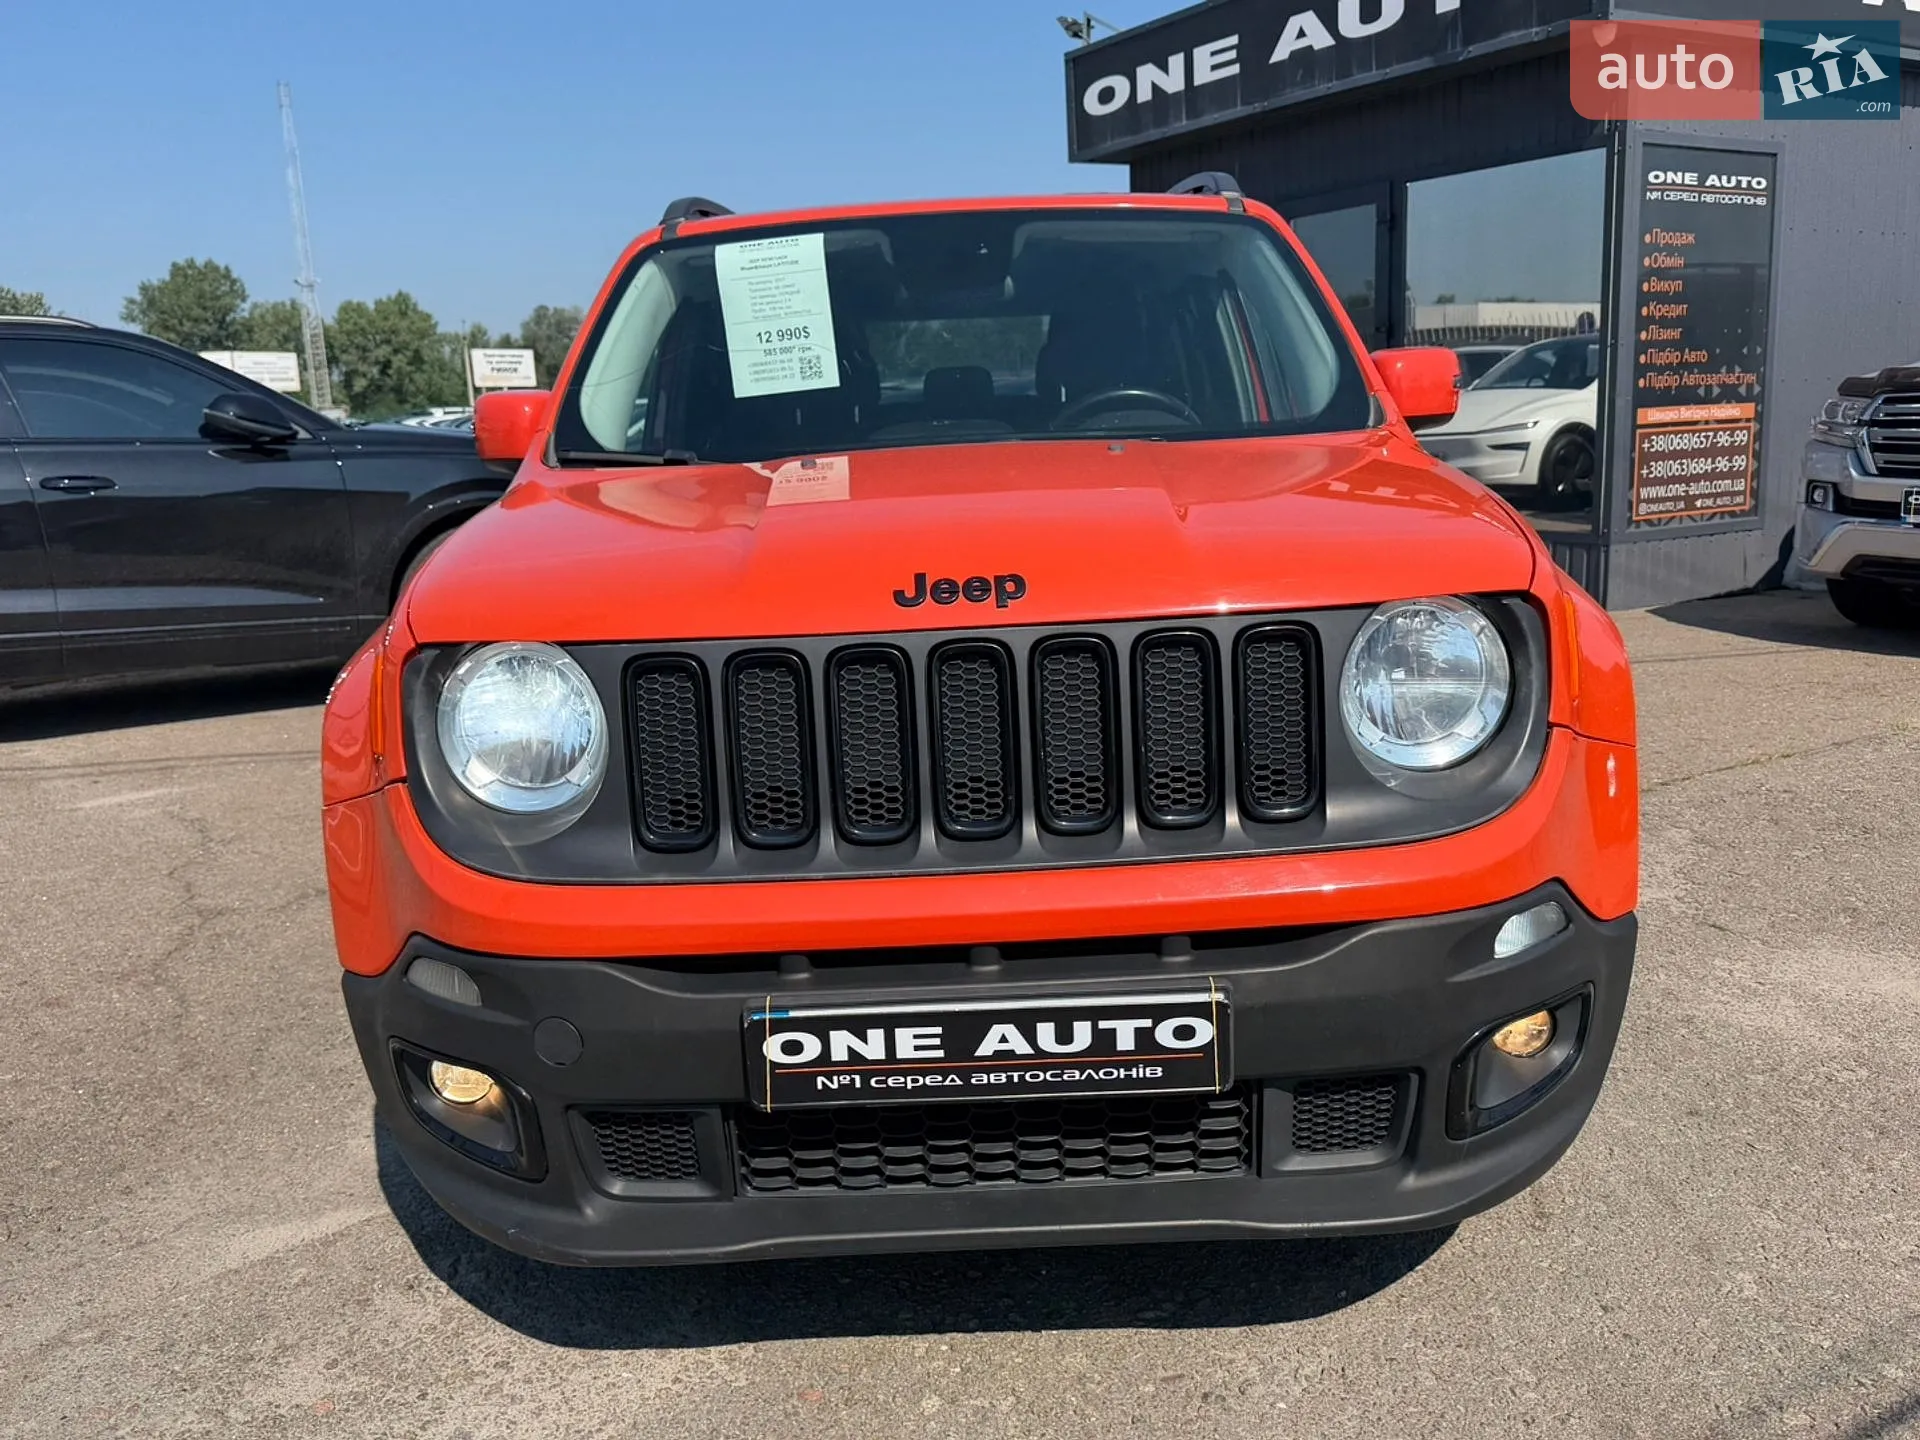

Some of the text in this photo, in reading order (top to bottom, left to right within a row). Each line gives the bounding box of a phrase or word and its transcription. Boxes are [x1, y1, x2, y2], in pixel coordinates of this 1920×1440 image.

[1082, 0, 1461, 117] ONE AU
[1647, 170, 1767, 190] ONE AUTO
[1652, 228, 1695, 247] Продаж
[1651, 252, 1685, 269] Обмін
[1650, 277, 1682, 296] Викуп
[1649, 301, 1689, 320] Кредит
[756, 325, 811, 344] 12 990$
[1647, 325, 1683, 341] Лізинг
[1646, 347, 1709, 366] Підбір Авто
[1646, 371, 1757, 391] Підбір Автозапчастин
[1641, 430, 1748, 453] +38(068)657-96-99
[1640, 454, 1747, 478] +38(063)684-96-99
[1639, 477, 1745, 499] www.one-auto.com.ua
[892, 572, 1027, 609] Jeep
[761, 1016, 1214, 1065] ONE AUTO
[816, 1063, 1164, 1091] №1 серед автосалонів
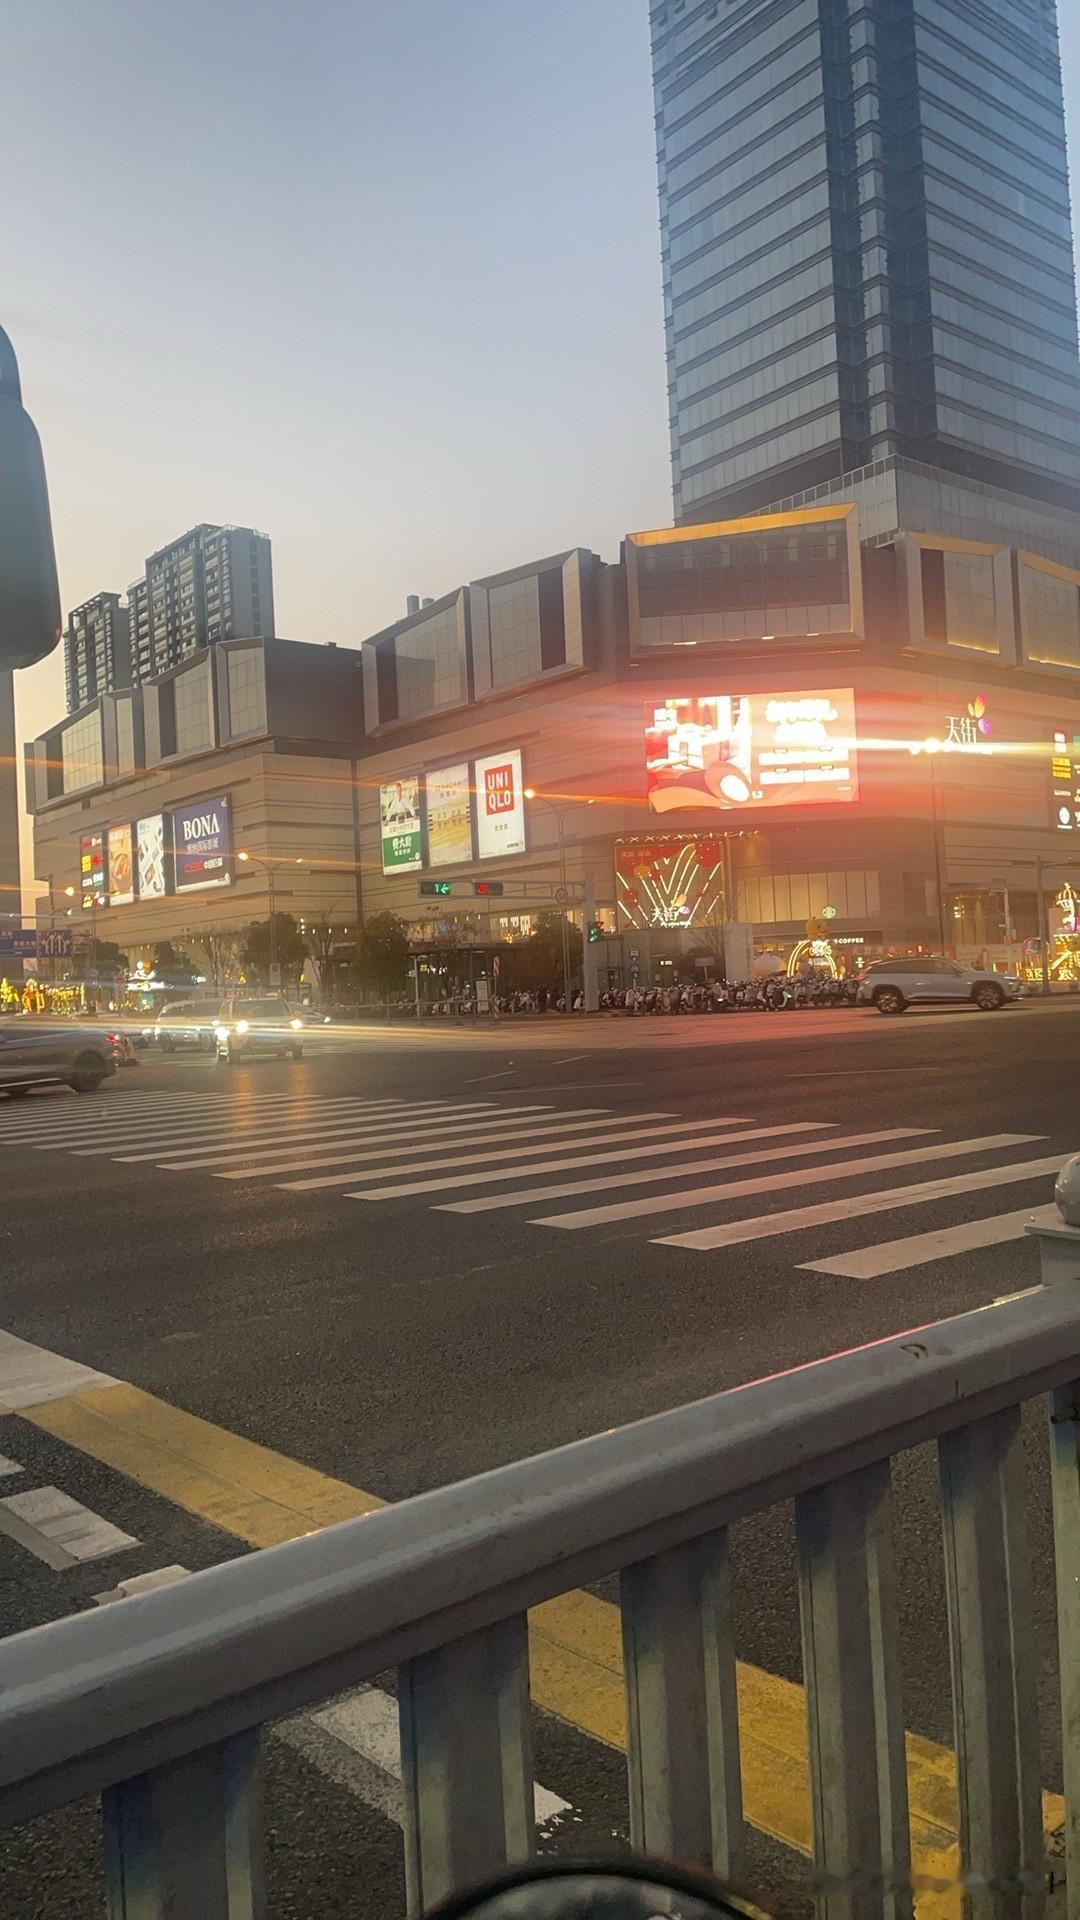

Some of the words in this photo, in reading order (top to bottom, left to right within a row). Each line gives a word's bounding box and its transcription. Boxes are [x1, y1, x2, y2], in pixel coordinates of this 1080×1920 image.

[945, 716, 976, 744] 天街
[488, 772, 509, 790] UNI
[489, 790, 511, 812] QLO
[183, 813, 220, 840] BONA
[650, 907, 679, 923] 天街
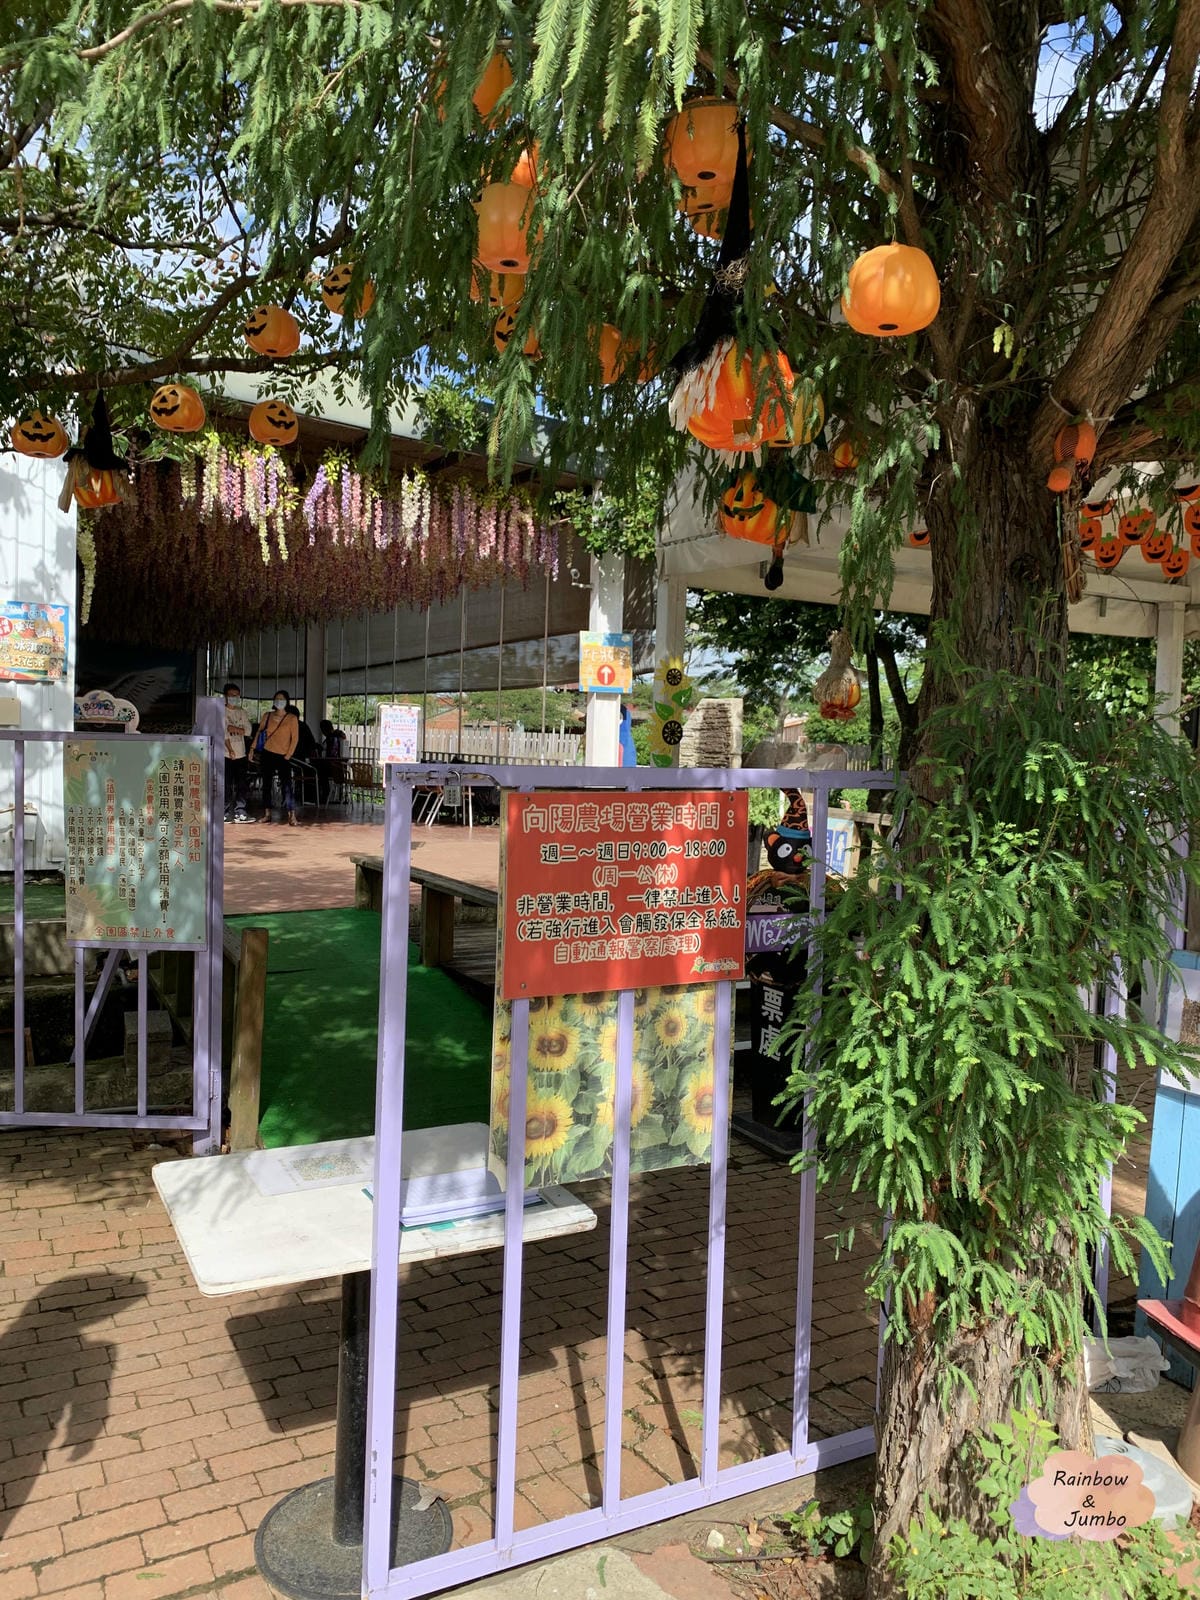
* * *
#### [ABOUT THIS EXERCISE]
Reproduce the material word for word. Skip every picture it holds.

#### [EXPECTED ANSWER]
Some of the text in this photo, in reading order (top to bottom, left to right within a row). Each line gives the bounding box of a phrase or word and its transcription. Boxes are [x1, y1, x2, y2], in pixel coordinates of this 1920×1440 image.

[1082, 0, 1461, 117] ONE AU
[1647, 170, 1767, 190] ONE AUTO
[1652, 228, 1695, 247] Продаж
[1651, 252, 1685, 269] Обмін
[1650, 277, 1682, 296] Викуп
[1649, 301, 1689, 320] Кредит
[756, 325, 811, 344] 12 990$
[1647, 325, 1683, 341] Лізинг
[1646, 347, 1709, 366] Підбір Авто
[1646, 371, 1757, 391] Підбір Автозапчастин
[1641, 430, 1748, 453] +38(068)657-96-99
[1640, 454, 1747, 478] +38(063)684-96-99
[1639, 477, 1745, 499] www.one-auto.com.ua
[892, 572, 1027, 609] Jeep
[761, 1016, 1214, 1065] ONE AUTO
[816, 1063, 1164, 1091] №1 серед автосалонів

Some of the words in this photo, in reading order (top to bottom, left to right within a row). Each line gives a word's bounding box and its transcription. Boxes are [x1, y1, x2, y2], in pixel coordinates of this 1080×1920 image.

[945, 716, 976, 744] 天街
[488, 772, 509, 790] UNI
[489, 790, 511, 812] QLO
[183, 813, 220, 840] BONA
[650, 907, 679, 923] 天街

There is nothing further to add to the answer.